Na terça-feira, o EI reivindicou o ataque contra a Arena Manchester com uma mensagem em seus canais oficiais. Não há prova, porém, de que a milícia, que controla territórios na Síria e no Iraque, tenha tido um papel na ação.
Ontem, a polícia britânica deteve três homens em Manchester por suspeita de ligação com o atentado. Na terça-feira, um suspeito já havia sido preso - segundo as autoridades, um dos quatro detidos até agora é irmão de Abedi.
Em Trípoli, capital da Líbia, a polícia também anunciou a prisão de Ramadan e Hashem Abedi, pai e irmão do terrorista. Segundo as autoridades, o irmão do homem-bomba, é suspeito de ligação com o EI e "sabia de todos os detalhes do plano" de ataque no Reino Unido.
Antes de ser detido, Ramadan, que é diretor da Força Central de Segurança em Trípoli, negou que Salman tenha relação com o terrorismo. "Nós não acreditamos em matar inocentes. Não somos assim", afirmou.
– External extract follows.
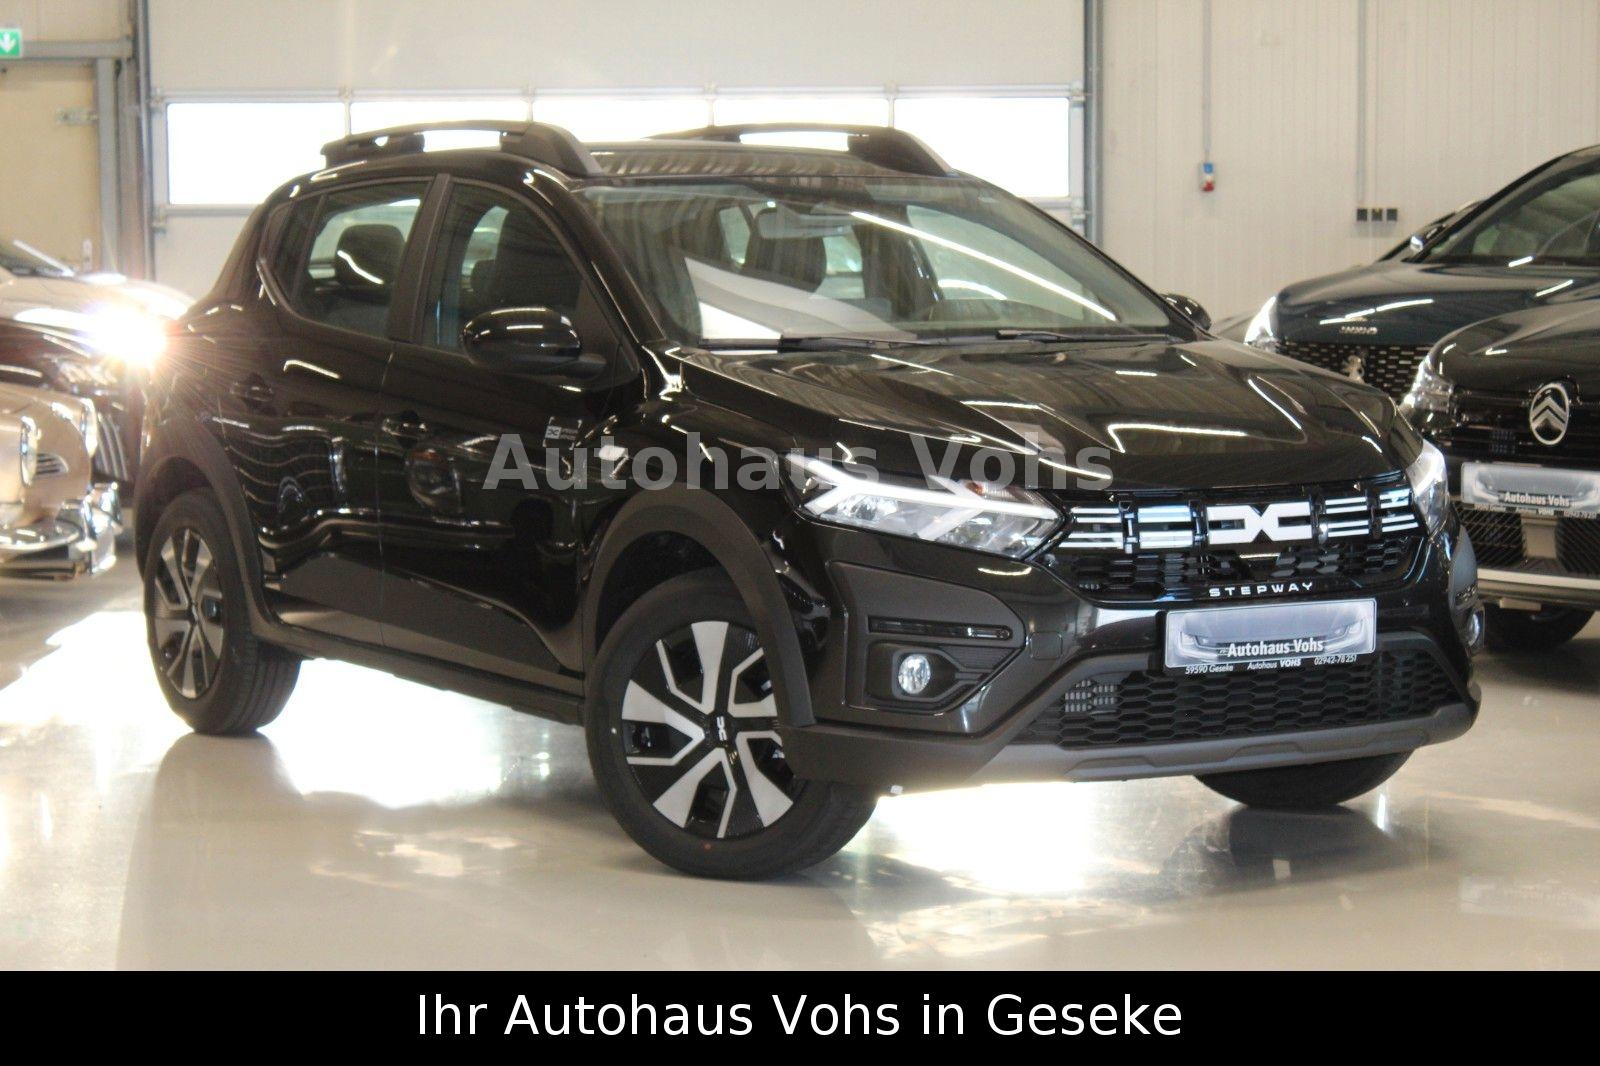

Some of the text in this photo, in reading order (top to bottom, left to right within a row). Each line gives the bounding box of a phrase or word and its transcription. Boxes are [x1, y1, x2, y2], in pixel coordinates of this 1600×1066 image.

Ramadan relatou ter conversado com o filho por telefone há cinco dias e que ele parecia "normal". Também contou que seu filho esteve na Líbia há um mês e meio e que pretendia retornar para passar o Ramadã com a família.
O governo britânico elevou o alerta de terrorismo para o nível "crítico" pela primeira vez em uma década, indicando que um novo ataque pode acontecer a qualquer momento. A premiê Theresa May ordenou o reforço da segurança, pondo quase mil soldados nas ruas do Reino Unido. Ontem, militares eram vistos protegendo pontos movimentados como o Parlamento e o Palácio de Buckingham, em Londres. Em Manchester, porém, não houve mobilização extra.